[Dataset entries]
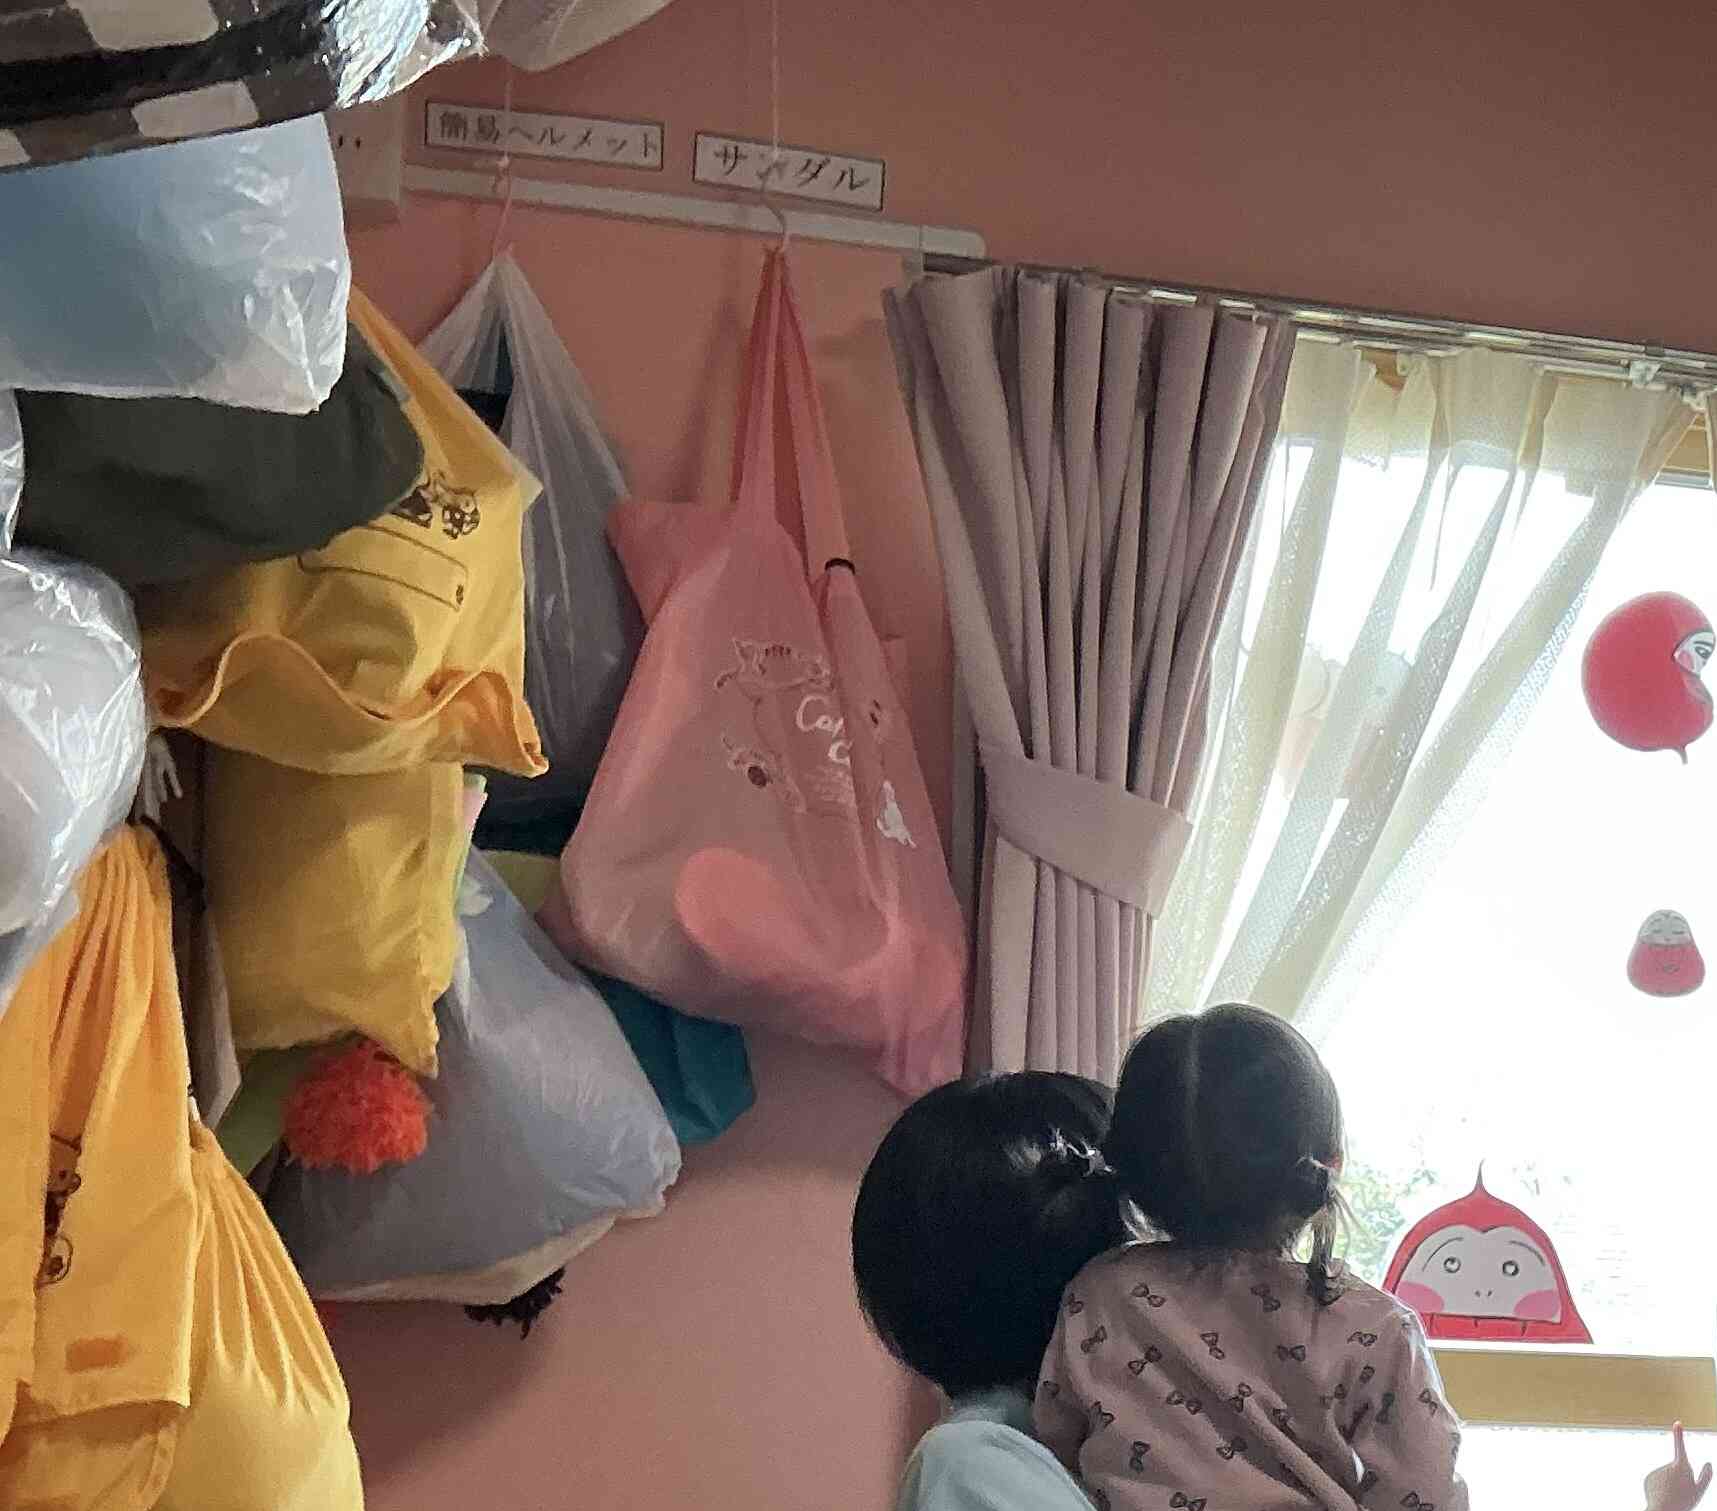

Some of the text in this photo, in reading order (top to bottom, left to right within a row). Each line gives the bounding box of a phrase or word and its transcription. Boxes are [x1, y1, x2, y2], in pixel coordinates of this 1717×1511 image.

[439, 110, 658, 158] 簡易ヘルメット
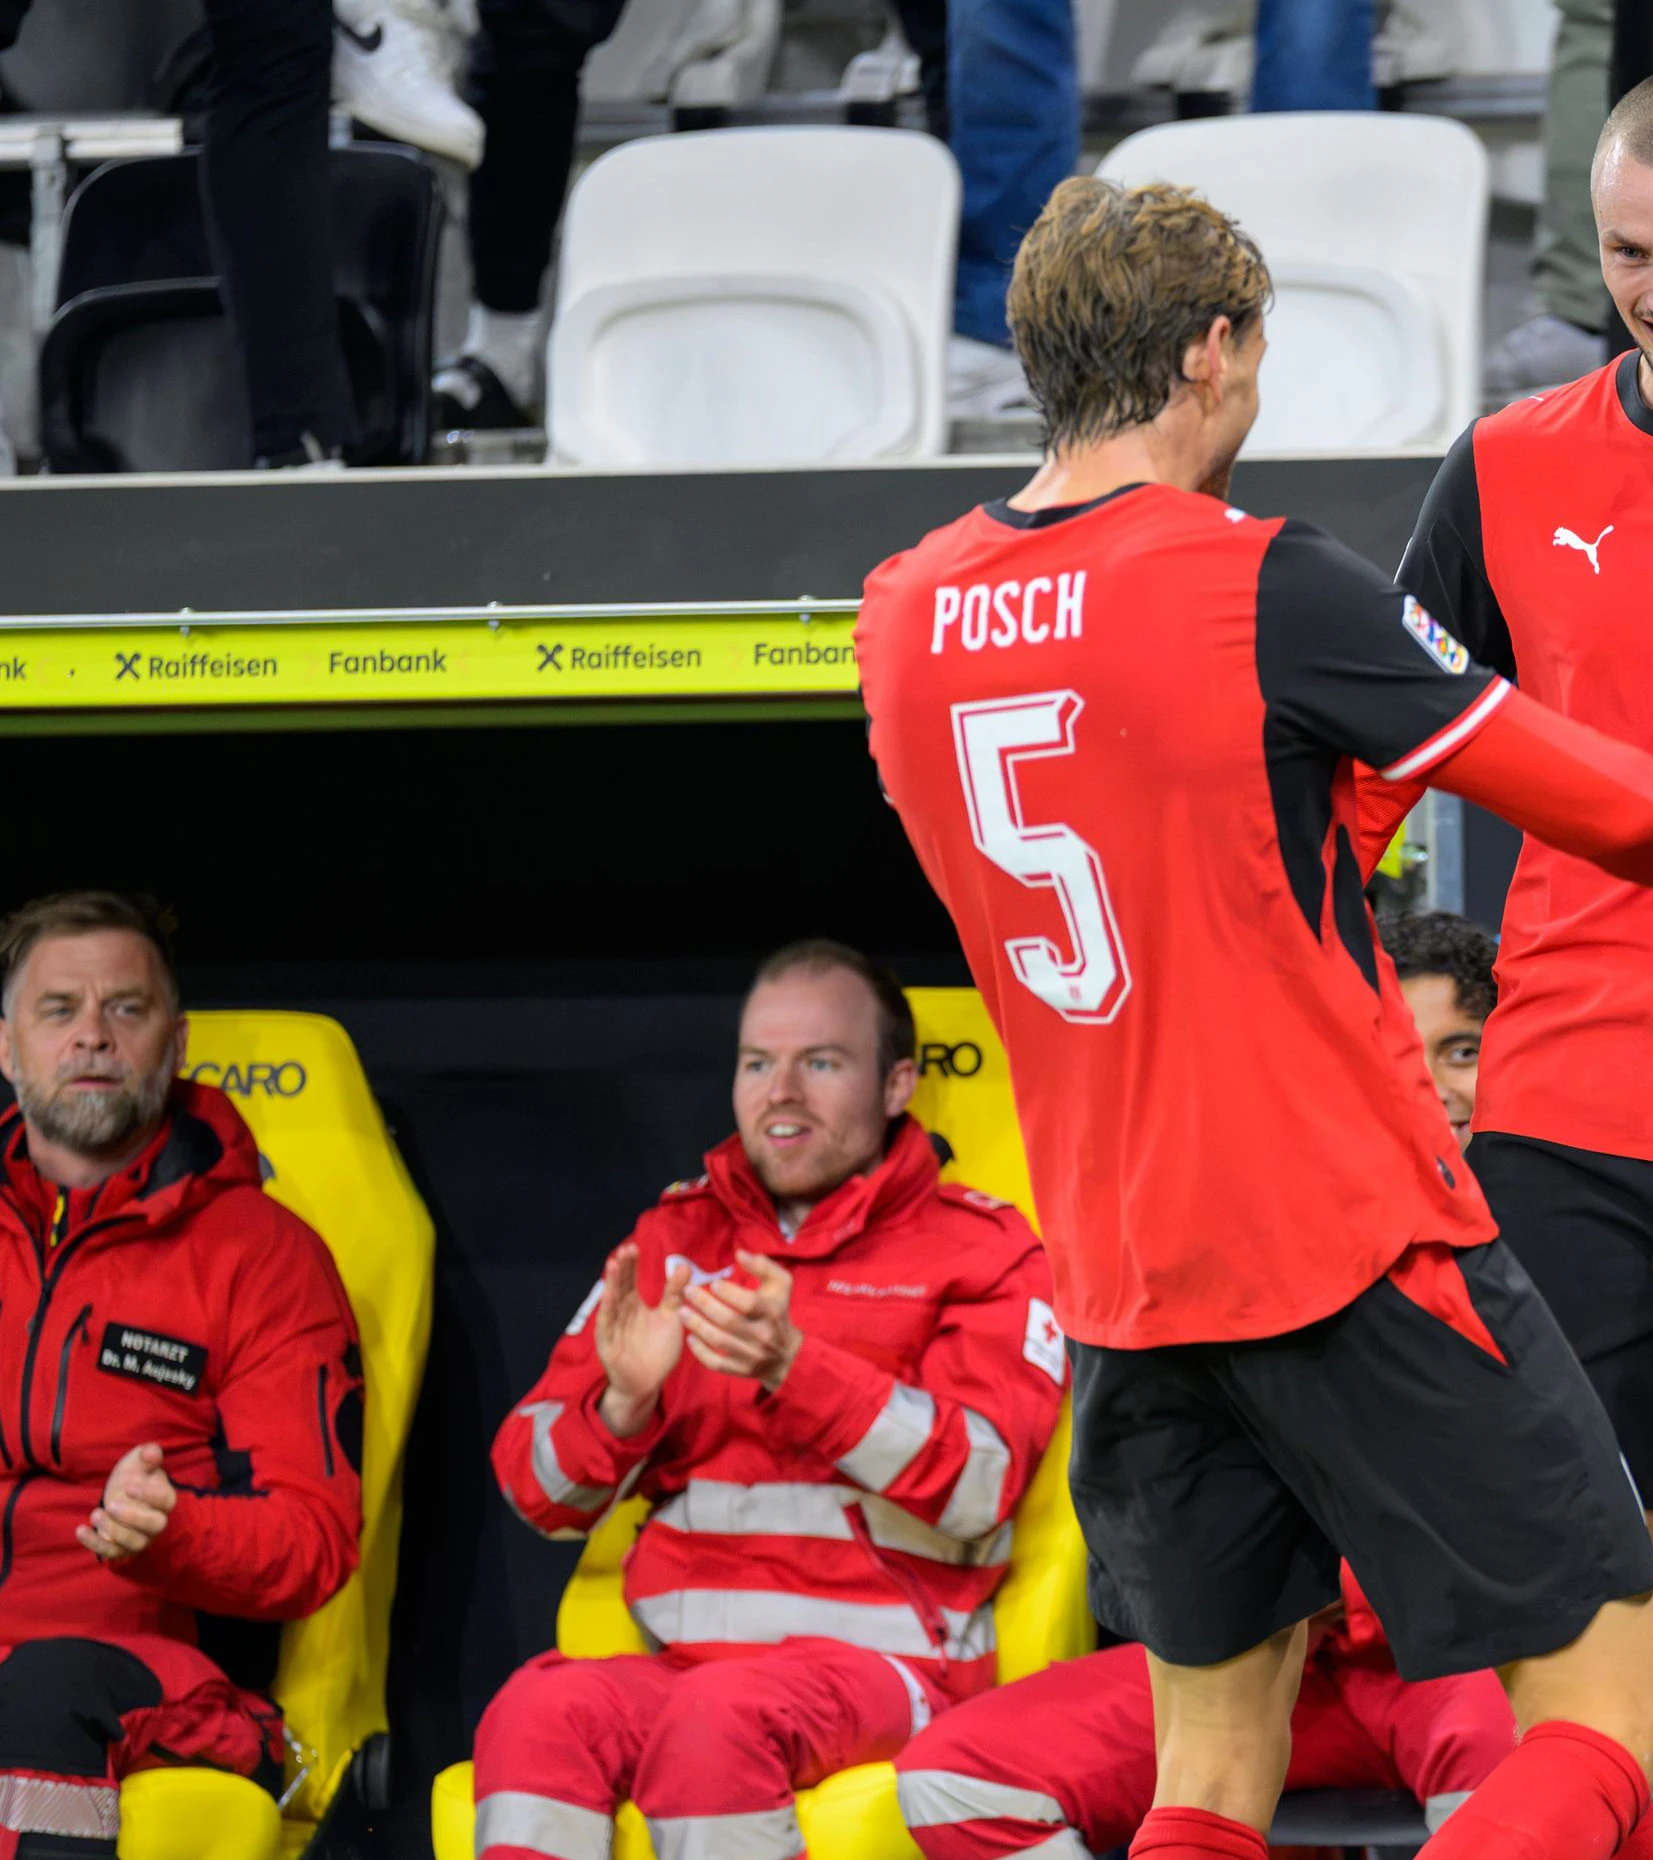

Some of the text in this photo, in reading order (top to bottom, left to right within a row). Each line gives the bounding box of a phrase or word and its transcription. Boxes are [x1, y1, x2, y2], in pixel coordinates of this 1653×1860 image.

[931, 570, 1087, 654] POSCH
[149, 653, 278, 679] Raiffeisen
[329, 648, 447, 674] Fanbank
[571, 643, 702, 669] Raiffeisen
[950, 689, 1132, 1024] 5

▶ **EXERCISE GOAL**
Write out all the records exactly, omitting the images.

▶ **RESPONSE TO THE EXERCISE**
Some of the text in this photo, in reading order (top to bottom, left to right within a row). Each line gives the bounding box of a phrase or word and its transcription. Boxes are [x1, y1, x2, y2], in pixel coordinates of this 1717×1511 image.

[439, 110, 658, 158] 簡易ヘルメット

Some of the text in this photo, in reading order (top to bottom, left to right within a row). Each line gives the bounding box of a phrase or word and its transcription. Boxes are [x1, y1, x2, y2], in pixel coordinates of this 1653×1860 image.

[931, 570, 1087, 654] POSCH
[149, 653, 278, 679] Raiffeisen
[329, 648, 447, 674] Fanbank
[571, 643, 702, 669] Raiffeisen
[950, 689, 1132, 1024] 5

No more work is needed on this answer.